JP-A-8-176620 (paragraph number 0008-0013) JP, 2013-189704, A (paragraph number 0008)

  Even if it heats at the temperature of about 600 degreeC, the silver powder manufactured by the method of patent document 2 can fully sinter silver particle.

  In recent years, the miniaturization of electronic components has further progressed, and the densification and fine line formation of conductor patterns have further progressed. In addition, in order to increase the light collection area of the solar cell and improve the power generation efficiency, the fine line of the finger electrode is also in progress.

Further, in the crystalline silicon solar cell, the efficiency decreases when the generated electrons diffuse to the back electrode, so a back barrier (Back-Surface-Field (BSF)) is provided to prevent electrons from entering the back electrode Although BSF type solar cells are used, in recent years, energy loss due to recombination occurring at the silicon and aluminum electrode interface on the back surface of the solar cell is made by passivation film (composed of SiN, SiO ₂ , Al ₂ O ₃ etc.) Attention has been focused on backside-passivated (passivated emitter and rear cell (PERC)) solar cells that reduce and further improve efficiency. In the production of such a PERC type solar cell, when forming an electrode using silver powder for a baking type conductive paste, the passivation film is easily damaged if the baking temperature of the silver powder is too high.

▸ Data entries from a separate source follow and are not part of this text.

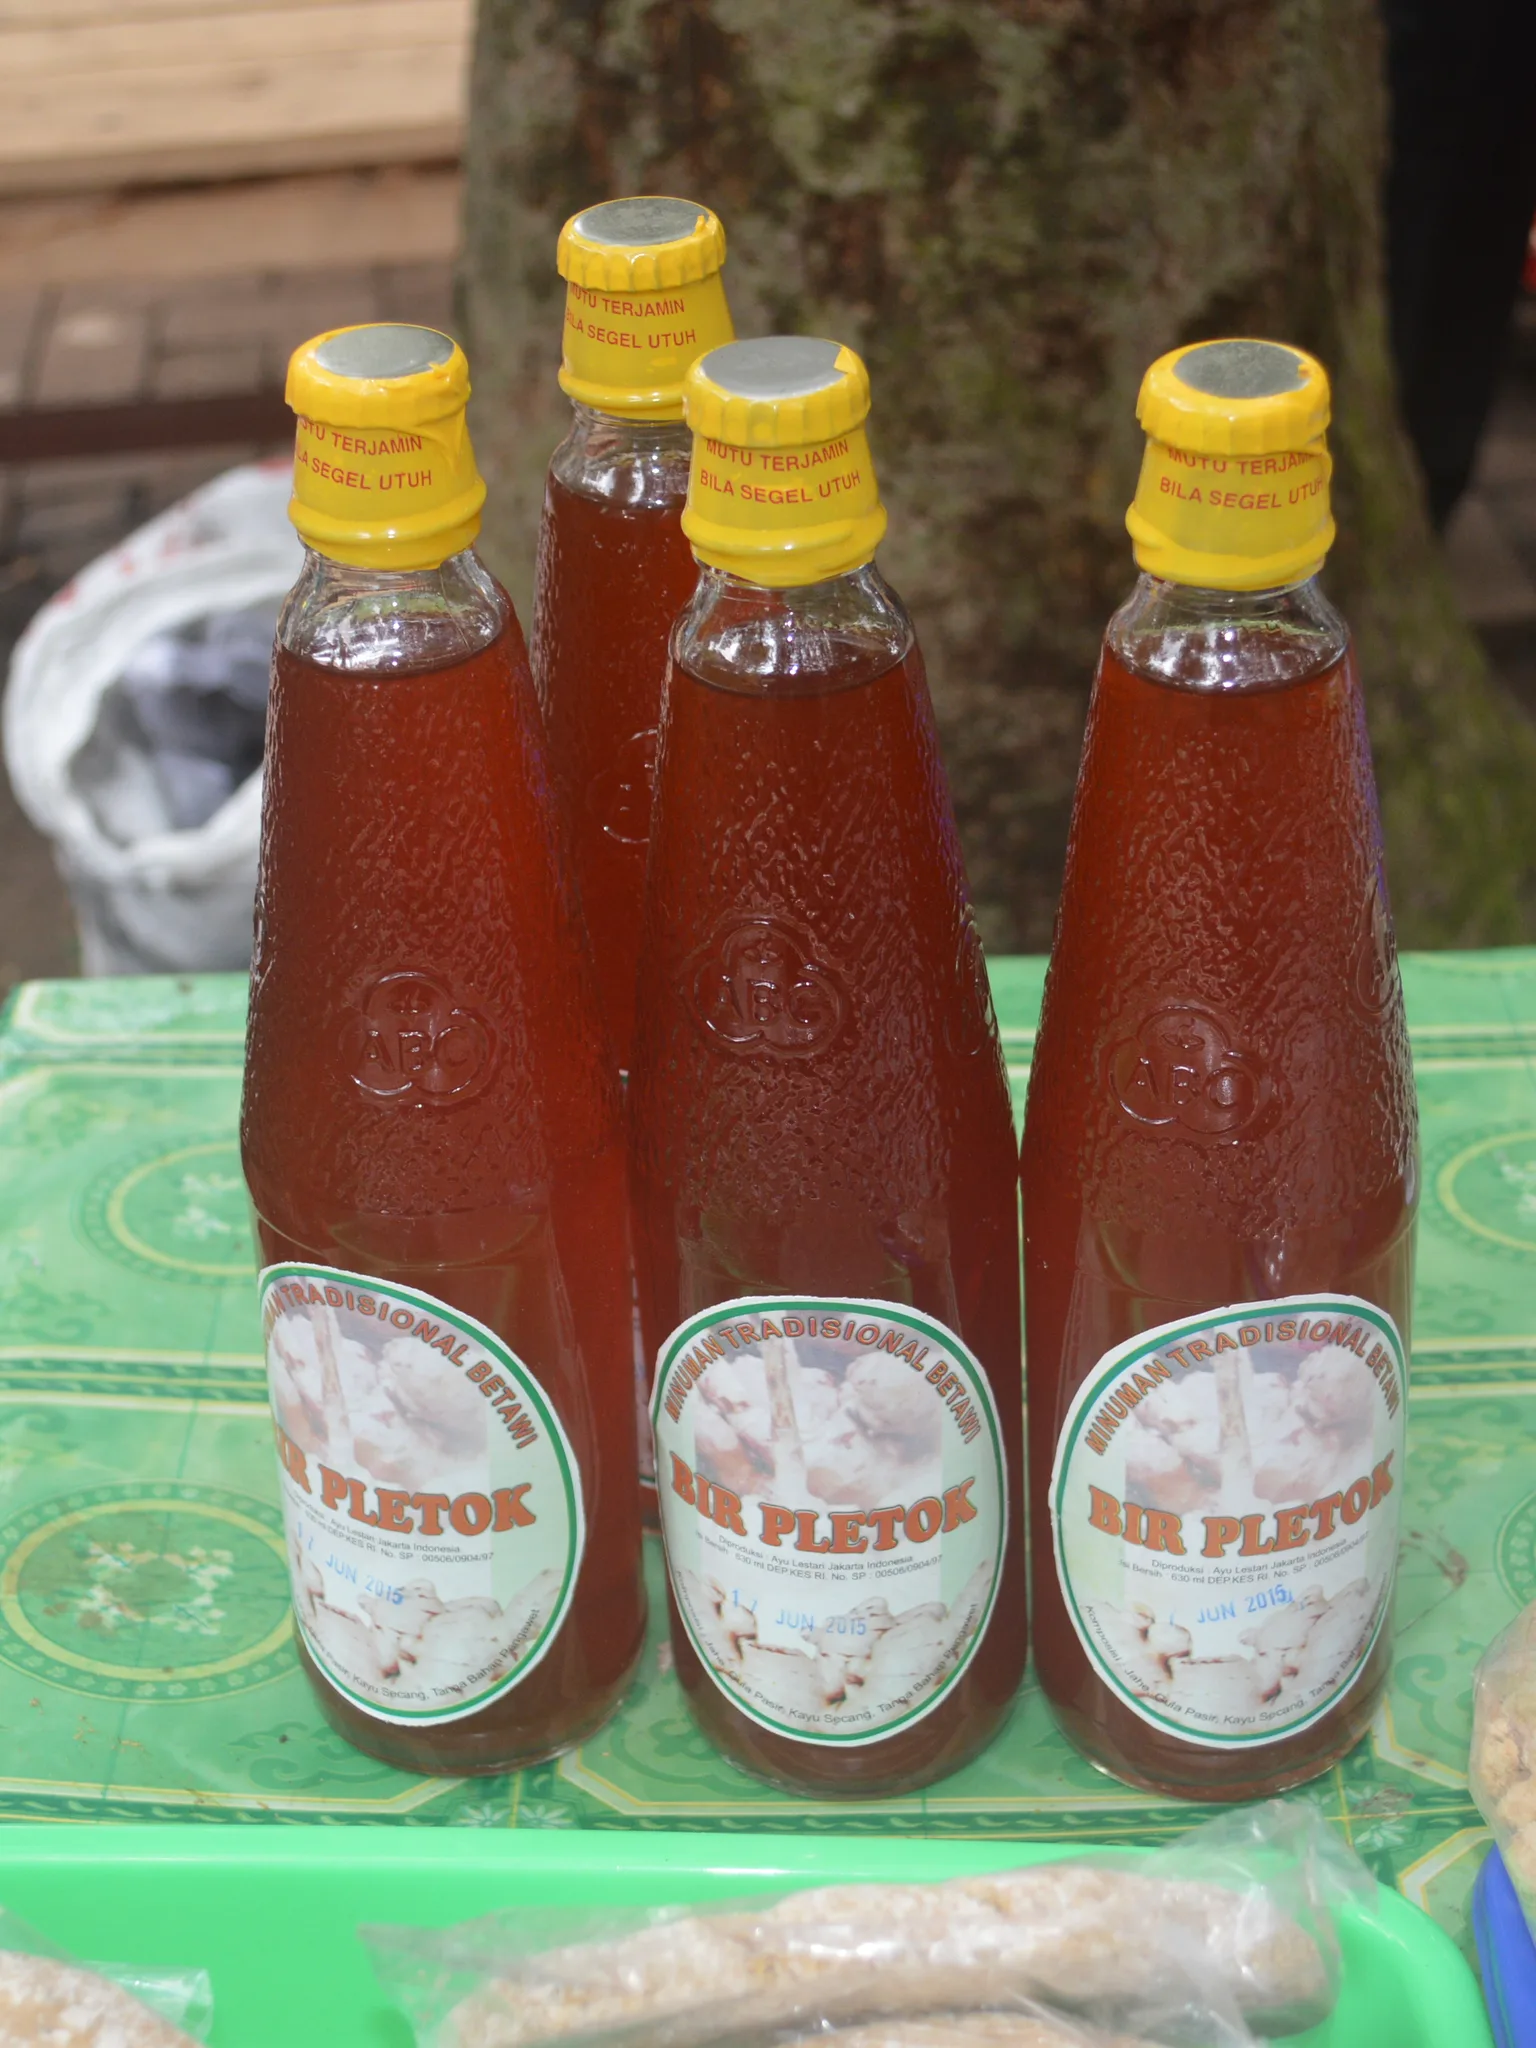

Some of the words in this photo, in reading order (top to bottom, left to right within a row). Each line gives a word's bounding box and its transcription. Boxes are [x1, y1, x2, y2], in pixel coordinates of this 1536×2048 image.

[602, 298, 685, 317] TERJAMIN
[587, 325, 642, 349] SEGEL
[648, 329, 697, 348] UTUH
[331, 431, 423, 456] TERJAMIN
[706, 438, 752, 467] MUTU
[760, 439, 849, 472] TERJAMIN
[312, 457, 372, 490] SEGEL
[379, 469, 432, 490] UTUH
[1168, 447, 1227, 473] MUTU
[700, 469, 735, 496] BILA
[740, 484, 813, 504] SEGEL
[818, 469, 861, 498] UTUH
[1160, 476, 1202, 504] BILA
[1209, 490, 1281, 510] SEGEL
[280, 1283, 469, 1367] TRADISIONAL
[465, 1360, 539, 1449] BETAWI
[664, 1333, 725, 1424] MINUMAN
[718, 1316, 930, 1372] TRADISIONAL
[925, 1360, 981, 1445] BETAWI
[1084, 1359, 1172, 1456] MINUMAN
[1165, 1319, 1371, 1368] TRADISIONAL
[317, 1463, 537, 1537] PLETOK
[669, 1450, 747, 1537] BIR
[758, 1476, 979, 1554] PLETOK
[1088, 1484, 1187, 1556] BIR
[1200, 1449, 1395, 1558] PLETOK
[378, 1537, 411, 1550] Jakarta
[413, 1543, 460, 1553] Indonesia
[771, 1555, 790, 1567] Ayu
[828, 1562, 864, 1571] Jakarta
[867, 1555, 914, 1569] Indonesia
[831, 1572, 848, 1580] No.
[851, 1571, 866, 1580] SP
[1151, 1559, 1204, 1574] Diproduksi
[1213, 1566, 1232, 1576] Ayu
[1270, 1555, 1305, 1570] Jakarta
[1171, 1573, 1190, 1582] 630
[1273, 1569, 1290, 1578] No.
[326, 1553, 357, 1584] JUN
[364, 1574, 404, 1605] 2015
[776, 1608, 815, 1632] JUN
[825, 1615, 867, 1636] 2015
[1197, 1601, 1237, 1624] JUN
[788, 1708, 820, 1722] Kayu
[1223, 1714, 1256, 1726] Kayu
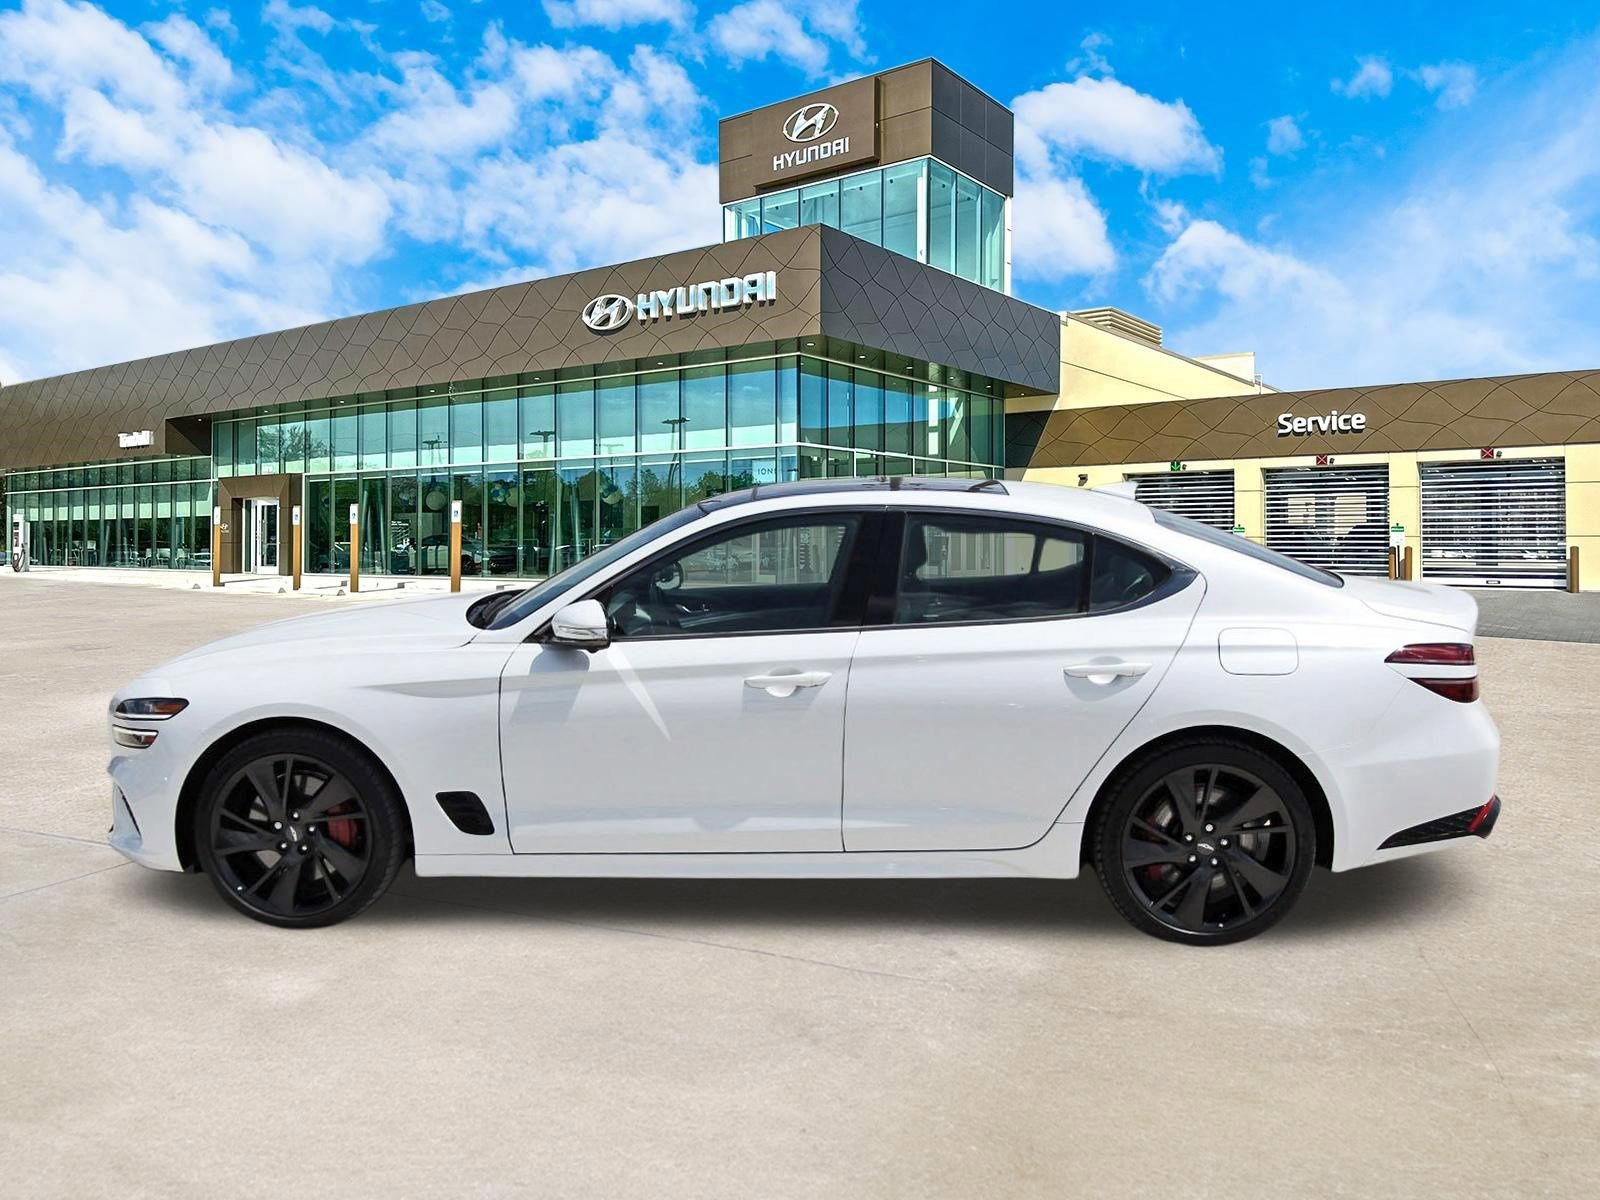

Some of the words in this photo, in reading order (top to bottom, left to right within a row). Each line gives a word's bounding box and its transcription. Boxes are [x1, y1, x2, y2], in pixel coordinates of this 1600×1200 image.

[773, 136, 850, 171] HYUNDAI
[637, 270, 777, 322] HYUNDAI
[1277, 410, 1367, 434] Service

  Therefore, even if it heats at temperature lower than the silver powder manufactured by the method of patent document 2, silver powder which can fully sinter silver particle is desired.

  Accordingly, in view of such conventional problems, it is an object of the present invention to provide spherical silver powder which can be fired at a lower temperature.

  As a result of intensive studies to solve the above problems, the inventors of the present invention form voids inside spherical silver powder particles consisting of substantially spherical silver particles, bury the spherical silver powder in a resin, and then polish the surface of the resin. In the image of the cross section of the silver particles exposed, the number of voids of the silver particles of 20% or more among the number of silver particles of 75% or more selected from the 20 or more particles having voids in descending order of cross section. If the shape factor is 3 to 15 (or if the number of silver particles having a number of 30% or more of the particles having a number of 75% or more, the degree of circularity of the voids of silver particles is 0.4 or less) It has been found that spherical silver powder that can be fired at temperature can be provided, and the present invention has been completed.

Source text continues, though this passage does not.